(Aim of the exercise): Every entry must reappear in your answer exactly as written, though its pictures must not.

─── Working data

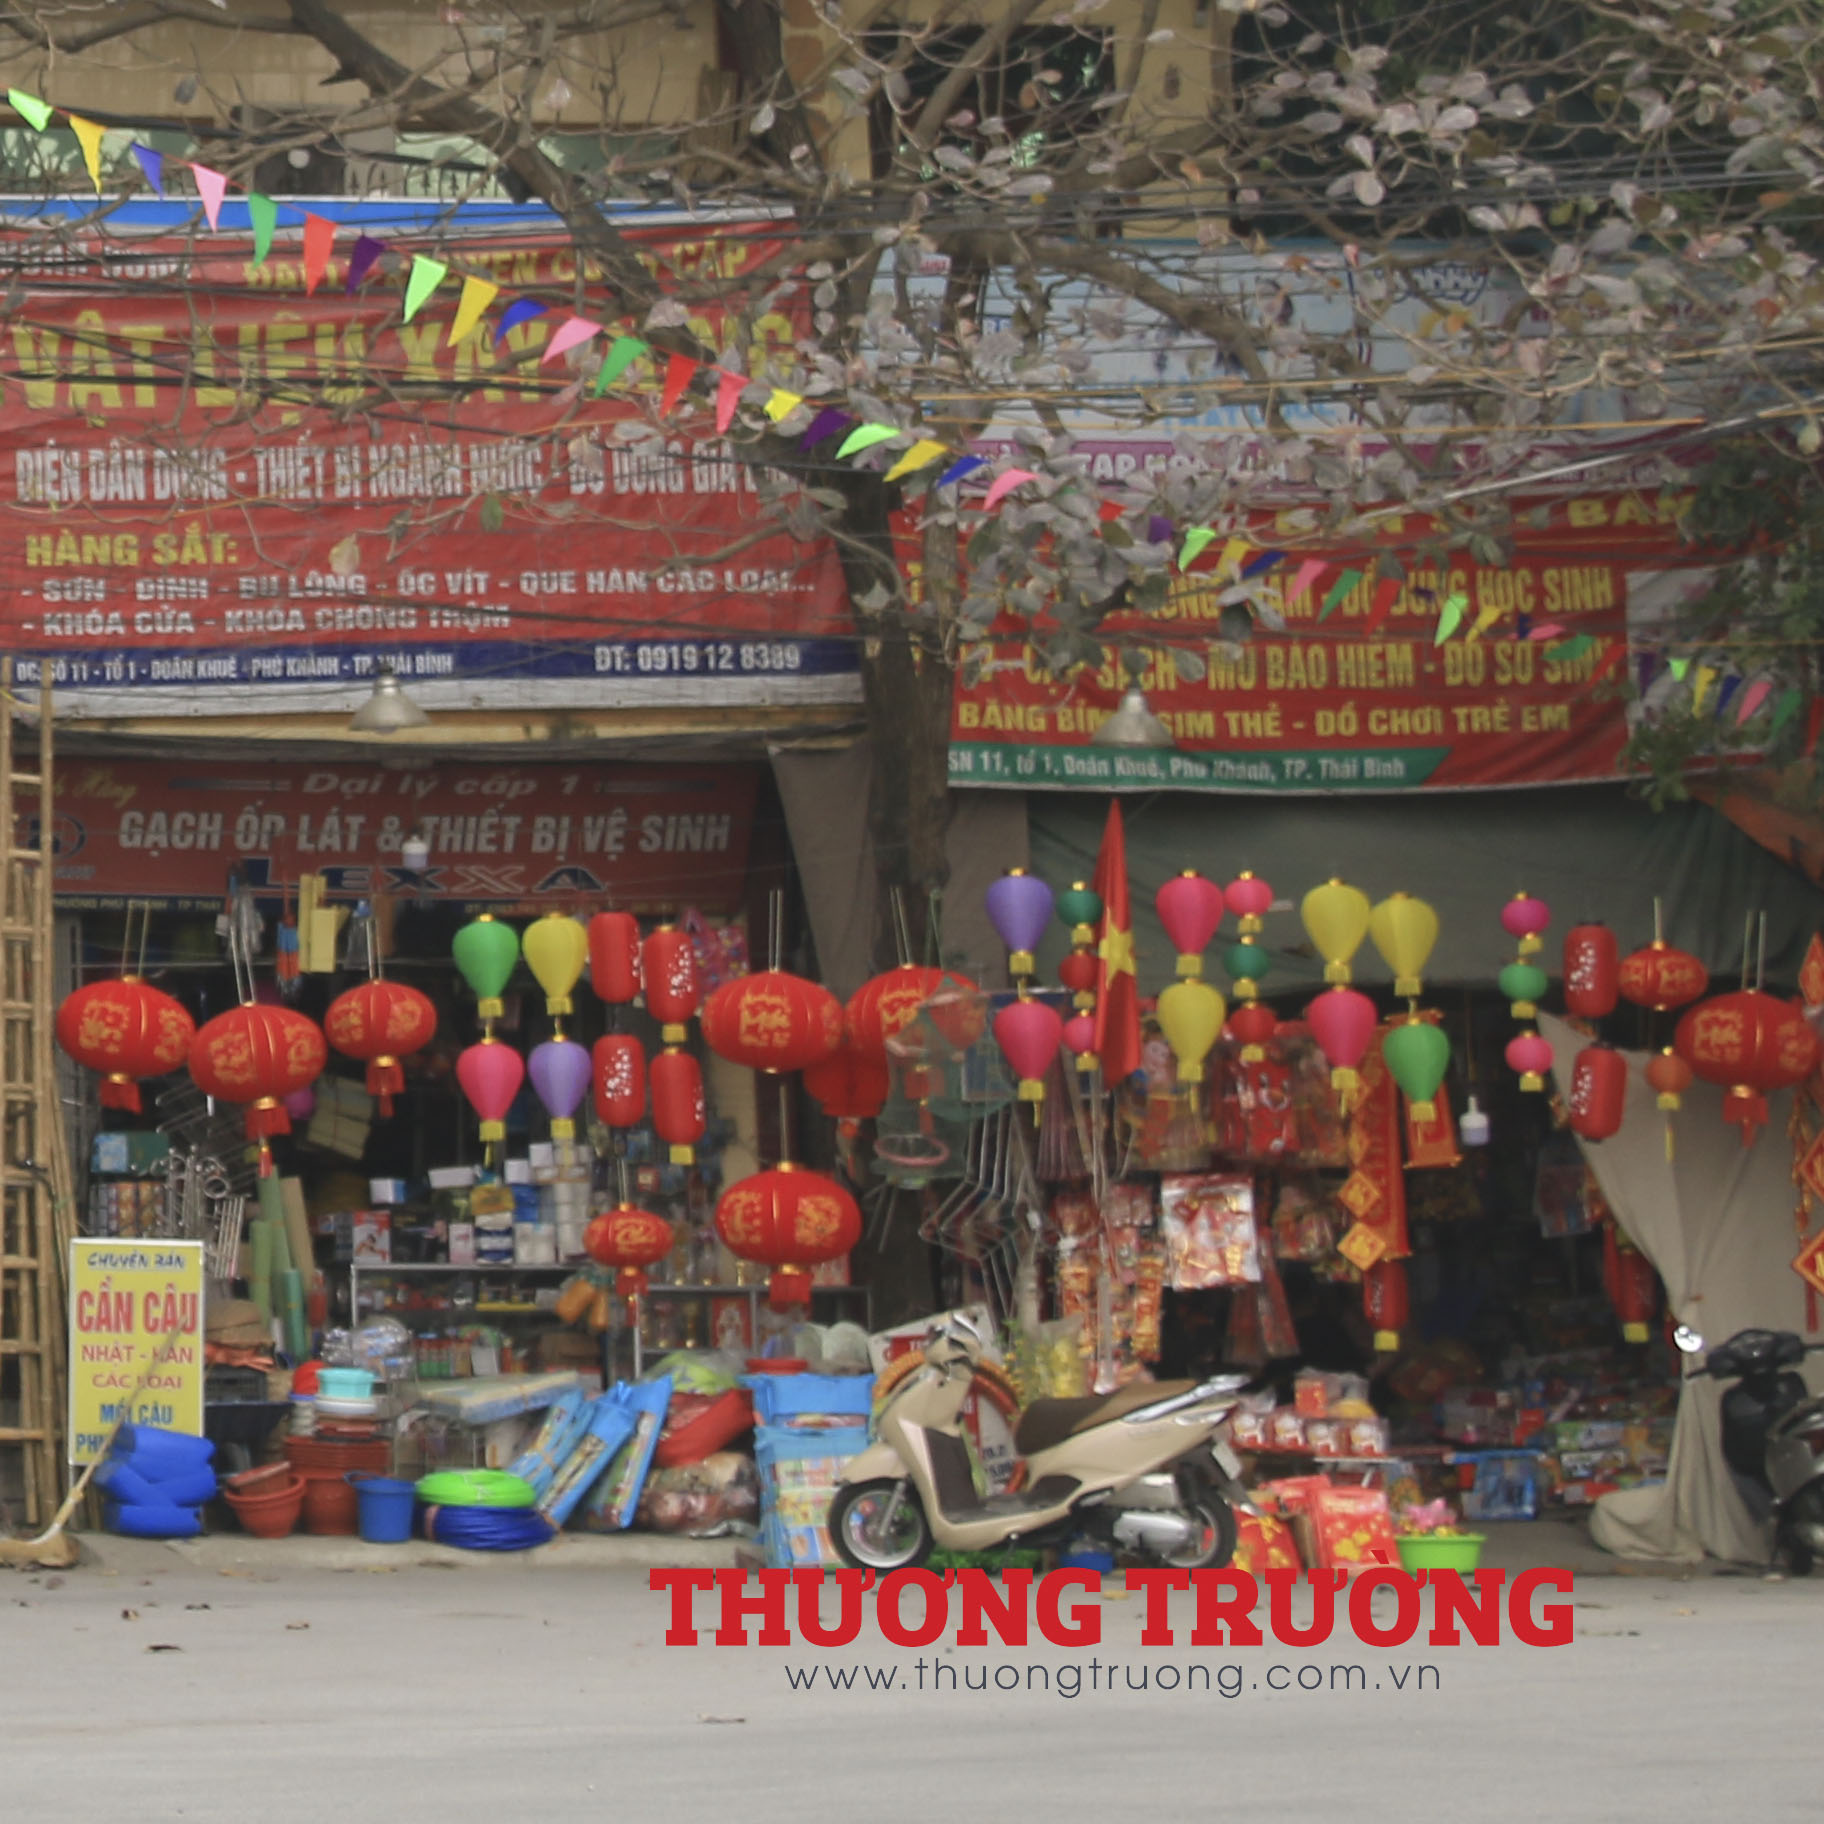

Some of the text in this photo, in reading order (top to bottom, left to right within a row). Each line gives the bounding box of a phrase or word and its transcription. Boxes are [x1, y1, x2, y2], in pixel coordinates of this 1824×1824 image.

[88, 436, 147, 502] DÂN
[254, 429, 326, 500] THIẾT
[334, 444, 363, 510] BỊ
[26, 528, 139, 567] HÀNG
[445, 565, 490, 596] VÍT
[519, 569, 577, 595] QUE
[586, 564, 648, 593] HÀN
[1543, 565, 1615, 614] SINH
[70, 661, 90, 681] 11
[594, 645, 632, 672] ĐT:
[637, 644, 697, 670] 0919
[706, 643, 734, 669] 12
[958, 700, 1047, 734] BĂNG
[1224, 699, 1283, 739] THẺ
[1367, 703, 1444, 736] CHƠI
[1453, 697, 1513, 734] TRẺ
[1520, 703, 1571, 733] EM
[301, 772, 386, 801] Đại
[398, 773, 440, 802] lý
[453, 770, 539, 802] cấp
[117, 808, 225, 859] GẠCH
[296, 804, 368, 854] LÁT
[418, 802, 524, 855] THIẾT
[530, 813, 572, 863] BỊ
[583, 806, 630, 863] VỆ
[638, 812, 732, 855] SINH
[87, 1250, 148, 1268] CHUYÊN
[76, 1275, 198, 1335] CẦN CÂU
[81, 1341, 135, 1368] NHẬT
[91, 1372, 132, 1390] CÁC
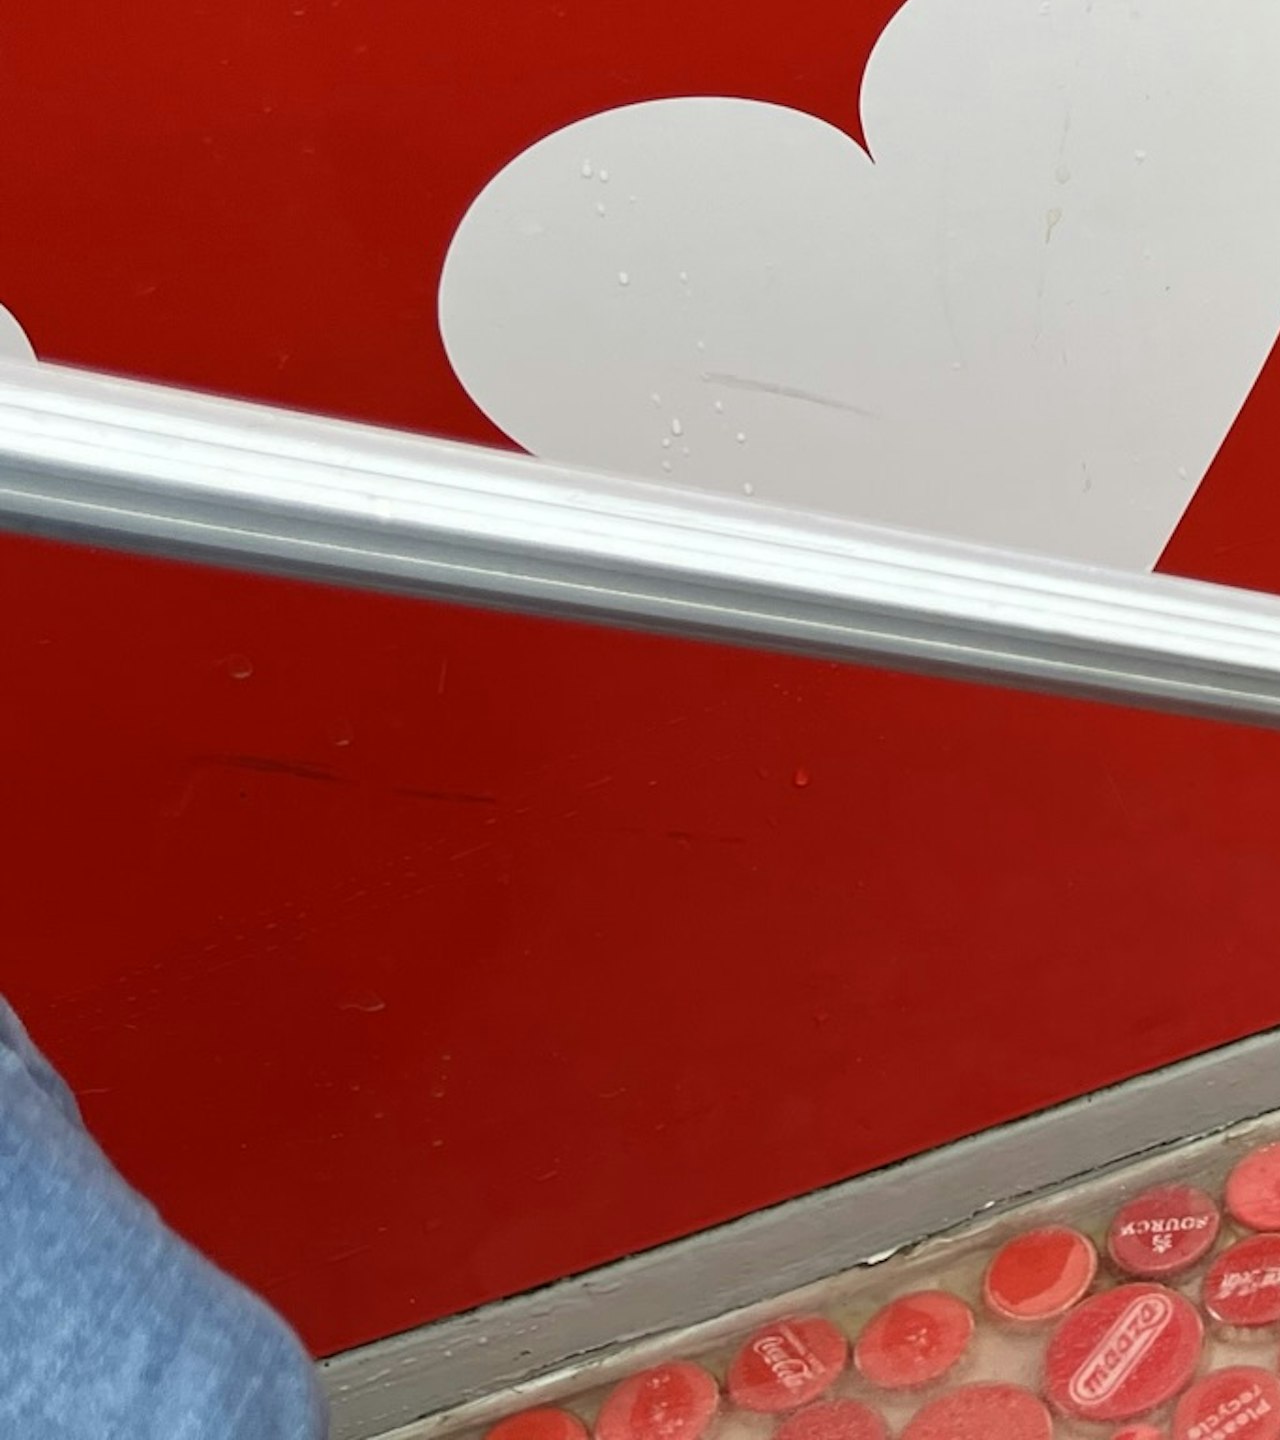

──────

(Result for this exercise):
Some of the text in this photo, in reading order (top to bottom, left to right within a row). Each line gives the bounding box of a phrase or word and its transcription. Boxes are [x1, y1, x2, y2], in pixel coordinates of this 1824×1824 image.

[88, 436, 147, 502] DÂN
[254, 429, 326, 500] THIẾT
[334, 444, 363, 510] BỊ
[26, 528, 139, 567] HÀNG
[445, 565, 490, 596] VÍT
[519, 569, 577, 595] QUE
[586, 564, 648, 593] HÀN
[1543, 565, 1615, 614] SINH
[70, 661, 90, 681] 11
[594, 645, 632, 672] ĐT:
[637, 644, 697, 670] 0919
[706, 643, 734, 669] 12
[958, 700, 1047, 734] BĂNG
[1224, 699, 1283, 739] THẺ
[1367, 703, 1444, 736] CHƠI
[1453, 697, 1513, 734] TRẺ
[1520, 703, 1571, 733] EM
[301, 772, 386, 801] Đại
[398, 773, 440, 802] lý
[453, 770, 539, 802] cấp
[117, 808, 225, 859] GẠCH
[296, 804, 368, 854] LÁT
[418, 802, 524, 855] THIẾT
[530, 813, 572, 863] BỊ
[583, 806, 630, 863] VỆ
[638, 812, 732, 855] SINH
[87, 1250, 148, 1268] CHUYÊN
[76, 1275, 198, 1335] CẦN CÂU
[81, 1341, 135, 1368] NHẬT
[91, 1372, 132, 1390] CÁC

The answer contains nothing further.